Records excerpted from a collection:
──────

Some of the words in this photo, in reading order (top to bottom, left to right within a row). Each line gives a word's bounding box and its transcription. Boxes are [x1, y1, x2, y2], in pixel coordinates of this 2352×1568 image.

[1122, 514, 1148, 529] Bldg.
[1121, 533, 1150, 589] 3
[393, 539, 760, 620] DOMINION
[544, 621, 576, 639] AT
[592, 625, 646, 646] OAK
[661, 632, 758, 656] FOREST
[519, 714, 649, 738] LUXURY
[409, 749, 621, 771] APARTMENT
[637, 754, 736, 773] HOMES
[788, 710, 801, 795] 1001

──────

YOUR GOAL: Your reply must repeat the entries above exactly and in full.

SOLUTION TO THE EXERCISE:
Some of the words in this photo, in reading order (top to bottom, left to right within a row). Each line gives a word's bounding box and its transcription. Boxes are [x1, y1, x2, y2], in pixel coordinates of this 2352×1568 image.

[1122, 514, 1148, 529] Bldg.
[1121, 533, 1150, 589] 3
[393, 539, 760, 620] DOMINION
[544, 621, 576, 639] AT
[592, 625, 646, 646] OAK
[661, 632, 758, 656] FOREST
[519, 714, 649, 738] LUXURY
[409, 749, 621, 771] APARTMENT
[637, 754, 736, 773] HOMES
[788, 710, 801, 795] 1001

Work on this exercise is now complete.